Camboglanna was a Roman fort located in the vicinity of Hadrian’s Wall in northern England. The fort was situated near the modern village of Castle Carrock in Cumbria. Camboglanna served as a strategic military installation along the Roman frontier and played a significant role in the defense and control of the region.

This fort has been put forward as a possible site for the Battle of Camlann. Presumably it was in the north-western British kingdom of Rheged at the time of the battle, so the siting of Camlann here would owe much to the association between Arthur and Uriens.

The fort was constructed during the early second century AD, around the time when Hadrian’s Wall was being built (between 122 and 130 AD). It was initially built as a small fort, but it was later expanded into a much larger fortification. Camboglanna was positioned around 10 miles (16 kilometers) east of Carlisle, which was known as Luguvalium in Roman times.

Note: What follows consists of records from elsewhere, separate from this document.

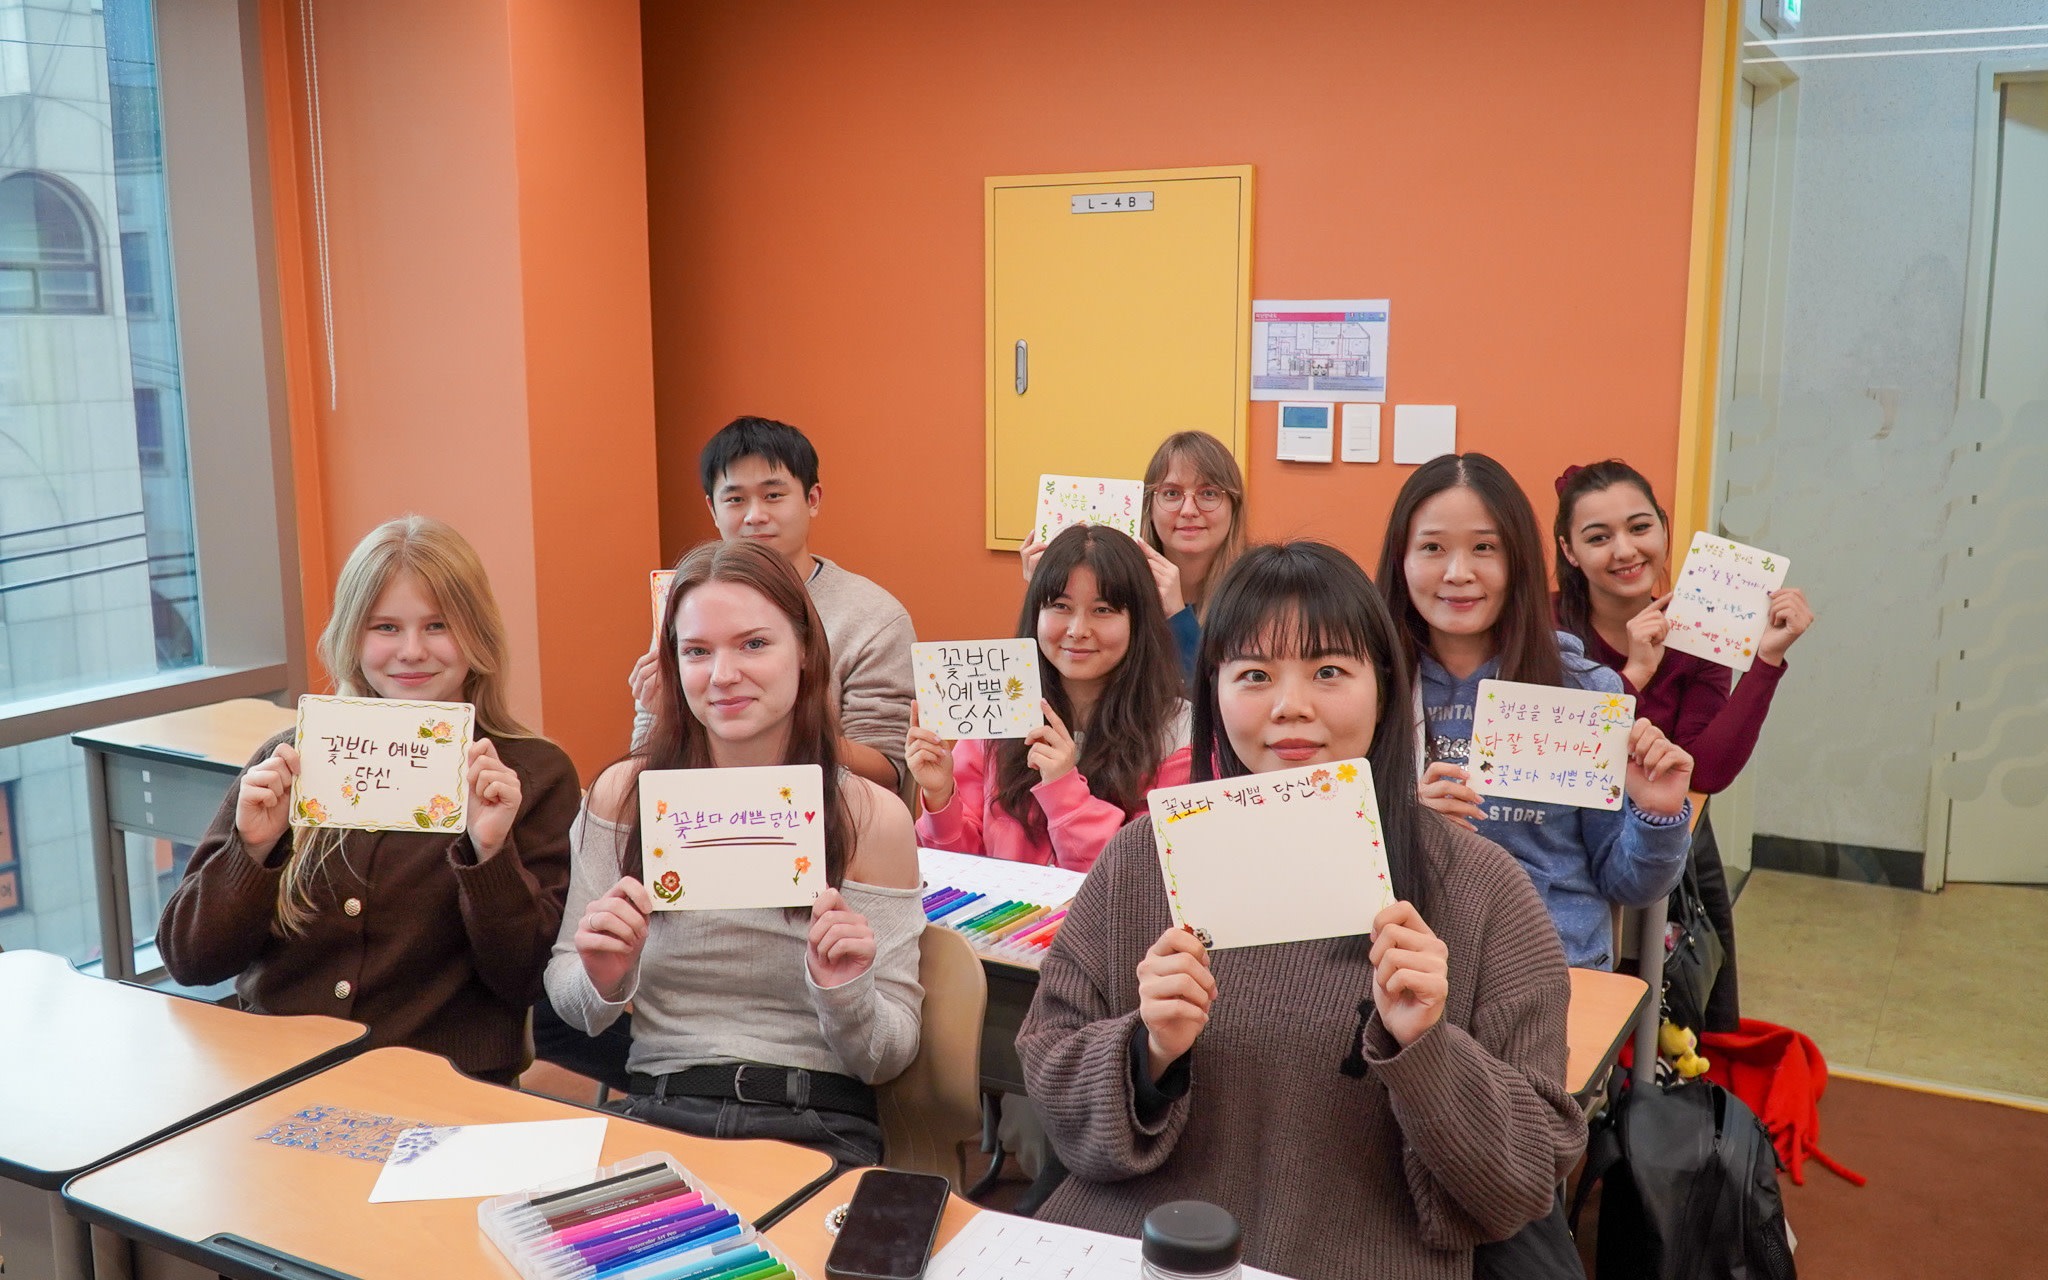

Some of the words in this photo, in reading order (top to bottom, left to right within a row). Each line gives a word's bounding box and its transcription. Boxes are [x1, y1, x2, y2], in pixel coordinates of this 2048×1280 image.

[938, 647, 1010, 680] 꽃보다
[948, 679, 1003, 701] 예쁜
[948, 704, 1003, 735] 당신
[1500, 701, 1540, 722] 행운을
[1552, 706, 1600, 726] 빌어요
[321, 735, 378, 765] 꽃보다
[388, 741, 429, 769] 예쁜
[1498, 765, 1539, 786] 꽃보다
[1550, 770, 1578, 788] 예쁜
[1585, 771, 1614, 791] 당신
[1161, 796, 1214, 820] 꽃보다
[1272, 777, 1316, 802] 당신
[668, 810, 723, 839] 꽃보다
[1489, 805, 1546, 825] STORE
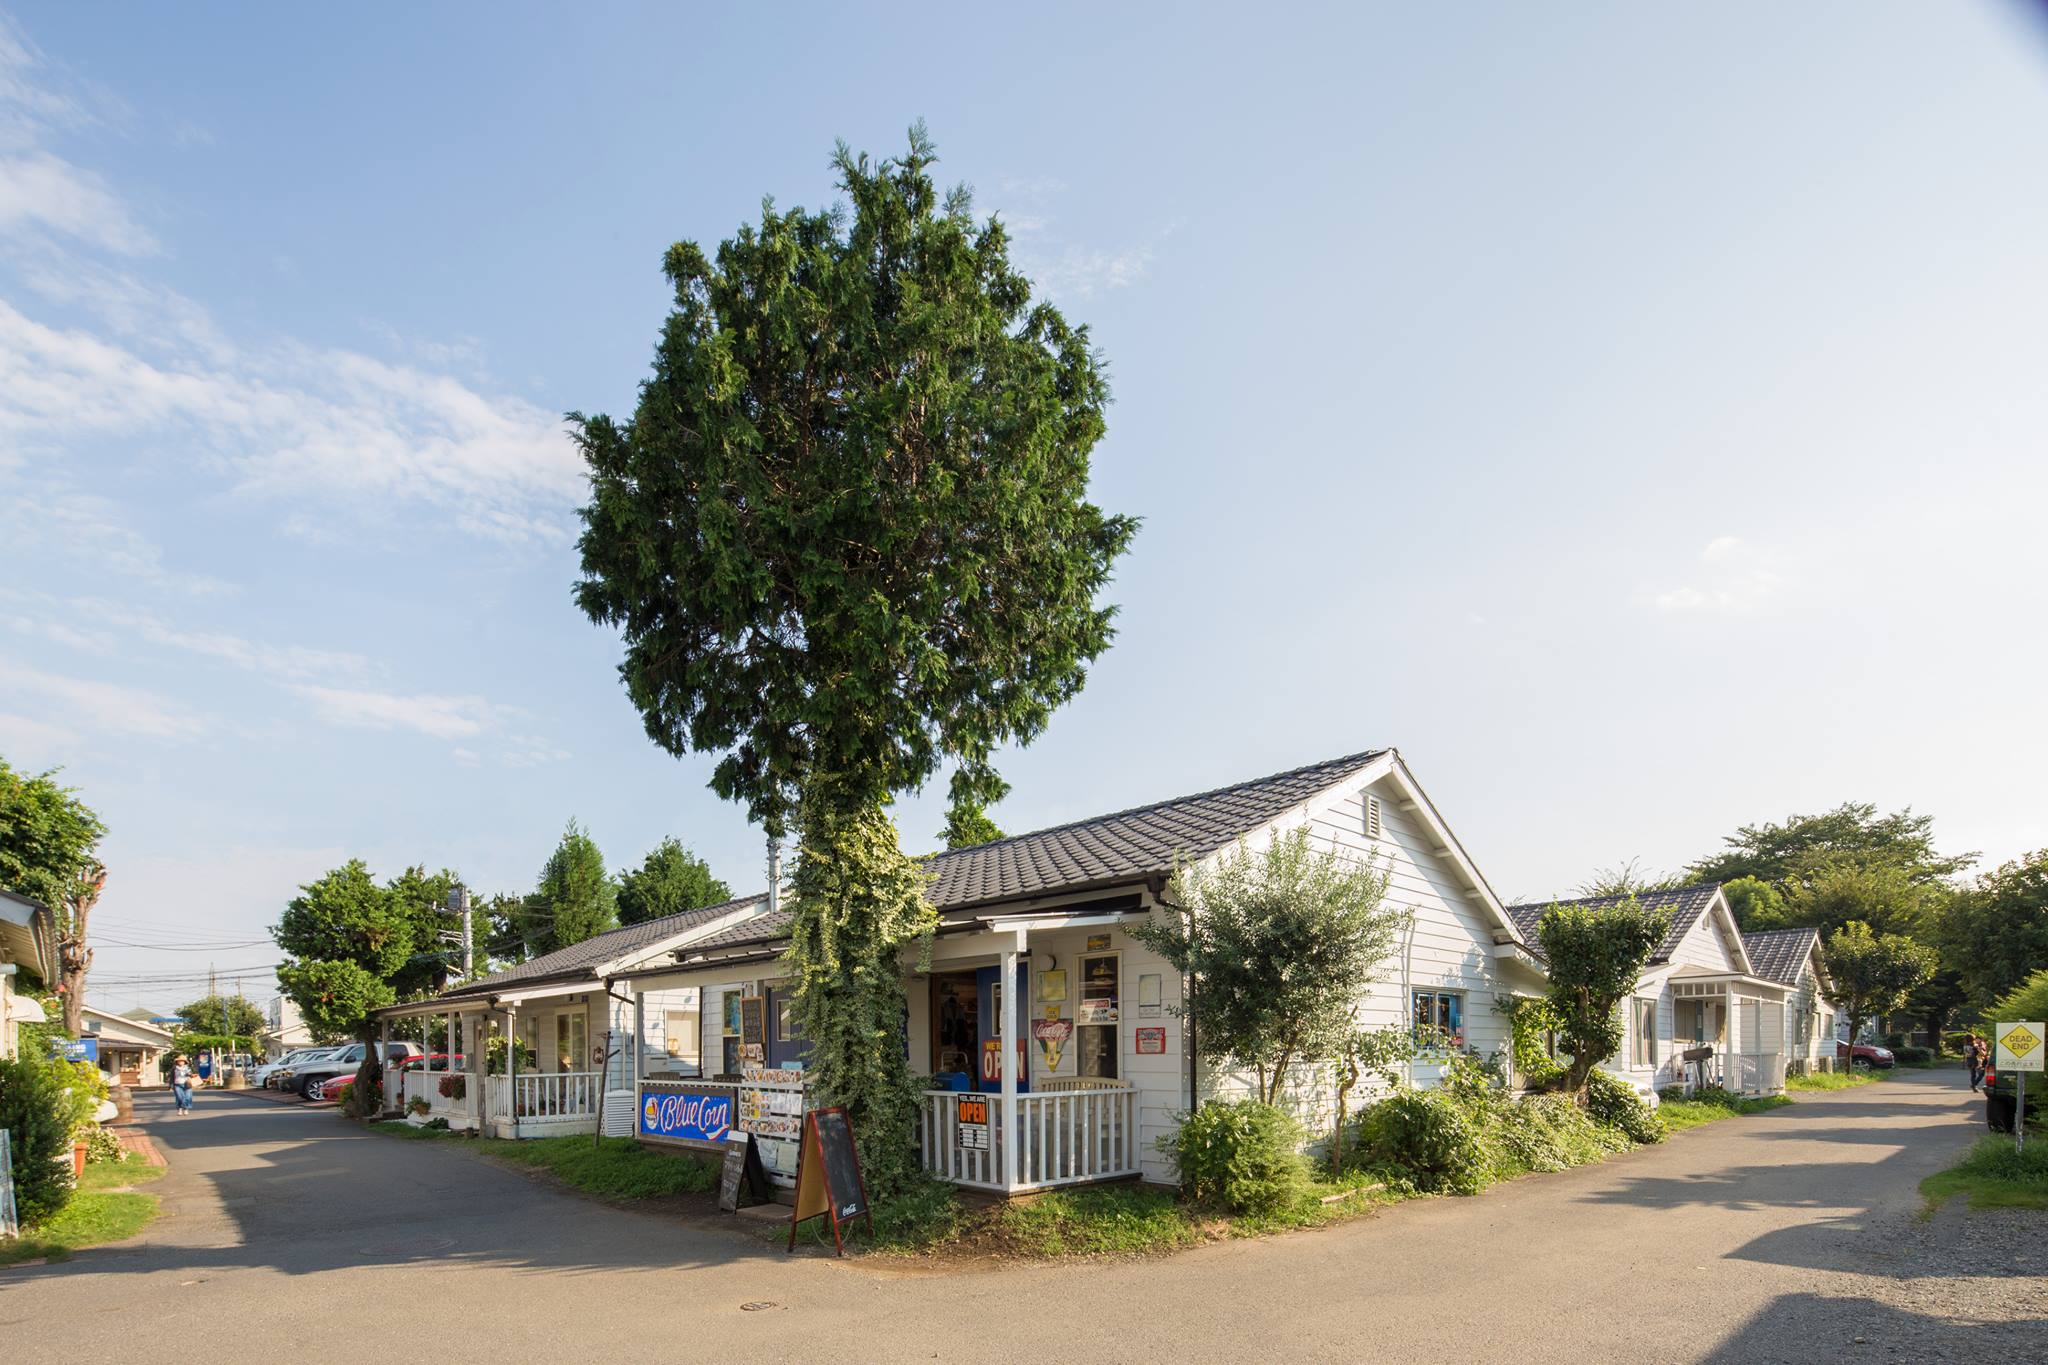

The exact purpose and function of Camboglanna are not entirely clear. Some theories suggest that it served as a supply base, a logistical center, or a command headquarters for the nearby section of Hadrian’s Wall. The fort likely housed a garrison of Roman soldiers, potentially including auxiliary troops from different parts of the Roman Empire.

Archaeological excavations at the site have revealed evidence of buildings, defensive walls, storage areas, and other structural typical of a Roman fort. Artifacts such as coins, pottery, and military equipment have been discovered, providing insights into the daily life and activities of the Roman soldiers stationed here.